We evaluate the performance of various algorithms designed to extract logit distributions from large language models. We compare the algorithms based on the number of queries required to achieve a specified precision and report on the queries per logit metric. We measure their performance using the l2-norm of the difference between the true logit vector \(\mathbf{z}\) and the weighted guess \(\mathbf{g}_w\) by \(\| \mathbf{z} - \mathbf{g}_w \|_2\).

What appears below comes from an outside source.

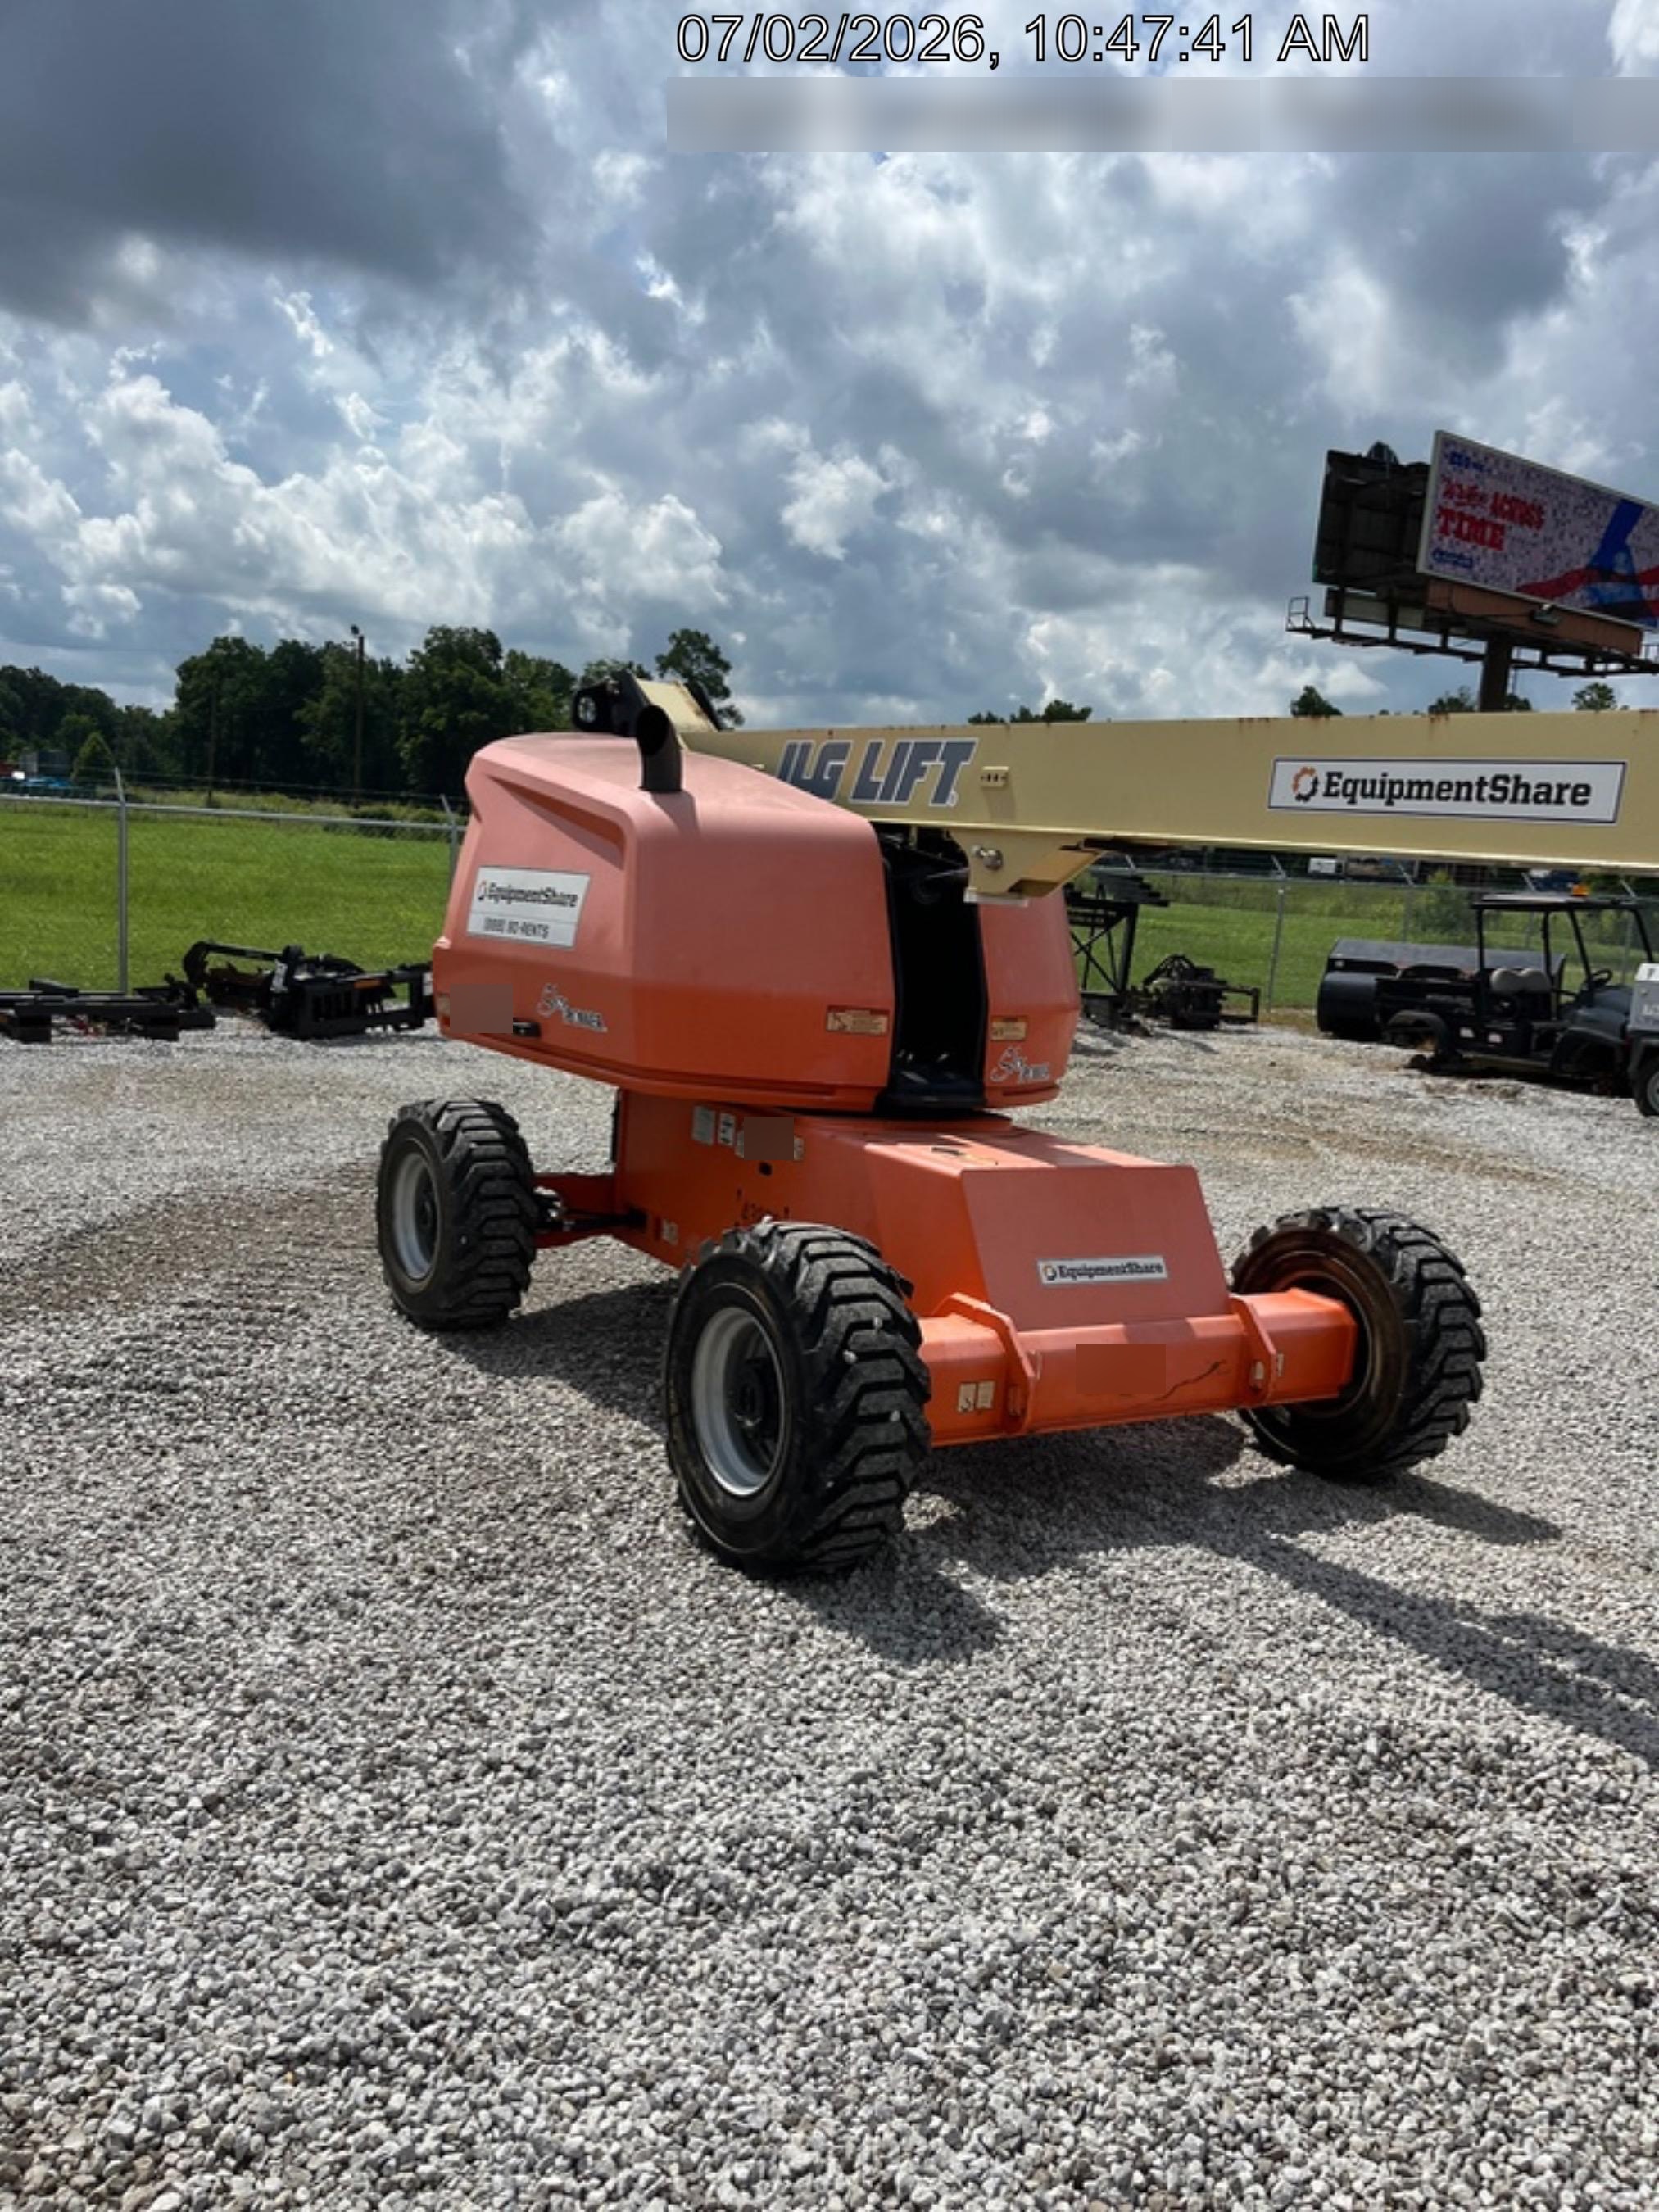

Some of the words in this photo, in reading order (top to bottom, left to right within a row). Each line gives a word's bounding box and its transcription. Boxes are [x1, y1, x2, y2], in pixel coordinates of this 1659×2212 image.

Name Bias Function f(l,h) Queries per logit
Simultaneous Binary Search
$$1 - \frac{l+h}{2}$$
3.12
Start Over N with Uniform Prior
$$1 - l - \left(\frac{1}{n}\right)^{\frac{1}{n-1}}(h - l)$$
2.42
Start Over N with Normal Prior
$$1 - \Phi^{-1}\left(\left(\frac{1}{n}\right)^{\frac{1}{n-1}}(\Phi(h) - \Phi(l)) + \Phi(l)\right)$$
1.98

Table 1: Comparison of Algorithms with Precision $10^{-6}$ and $\mathbf{g}_w$

References

[CPD+24] Carlini, N., Paleka, D., Dvijotham, K. D., Steinke, T., Hayase, J., Cooper, A. F., Lee, K., Jagielski, M., Nasr, M., Conmy, A., Wallace, E., Rolnick, D., & Tramèr, F. (2024, March). Stealing Part of a Production Language Model [arXiv:2403.06634]. http://arxiv.org/abs/2403.06634

[FRS+24] Finlayson, M., Ren, X., & Swayamdipta, S. (2024, March). Logits of API-Protected LLMs Leak Proprietary Information [arXiv:2403.09539]. https://doi.org/10.48550/arXiv.2403.09539

[OpenAI+24] OpenAI, Achiam, J., Adler, S., Agarwal, S., Ahmad, L., Akkaya, I., Aleman, F. L., Almeida, D., Altenschmidt, J., Altman, S., Anadkat, S., Avila, R., Babuschkin, I., Balaji, S., Balcom, V., Baltescu, P., Bao, H., Bavarian, M., Belgum, J., … Zoph, B. (2024, March). GPT-4 Technical Report [arXiv:2303.08774]. https://doi.org/10.48550/arXiv.2303.08774

[Google+23] Anil, R., Dai, A. M., Firat, O., Johnson, M., Lepikhin, D., Passos, A., Shakeri, S., Taropa, E., Bailey, P., Chen, Z., Chu, E., Clark, J. H., Shafey, L. E., Huang, Y., Meier-Hellstern, K., Mishra, G., Moreira, E., Omernick, M., Robinson, K., … Wu, Y. (2023, September). PaLM 2 Technical Report [arXiv:2305.10403]. https://doi.org/10.48550/arXiv.2305.10403

[B+23] Burkardt, J. (n.d.). The Truncated Normal Distribution. https://people.sc.fsu.edu $$

  1. Why is this parameter even present? OpenAI introduced the logit_bias map to give companies and users of their API greater control over the model’s output. For example, the guidance library uses the bias map to restrict generation to a limited set of options. This is particularly useful in cases where developers need to steer the behavior of the large language models in a concrete direction, preventing the model from generating undesired outputs. 

  2. Note that OpenAI provides access to the log probabilities of the top-5 most likely tokens, which are not affected by the bias term after the introduction of the attacks. Consequently, we can infer the initial top-5 token logits, allowing us to determine the maximum value.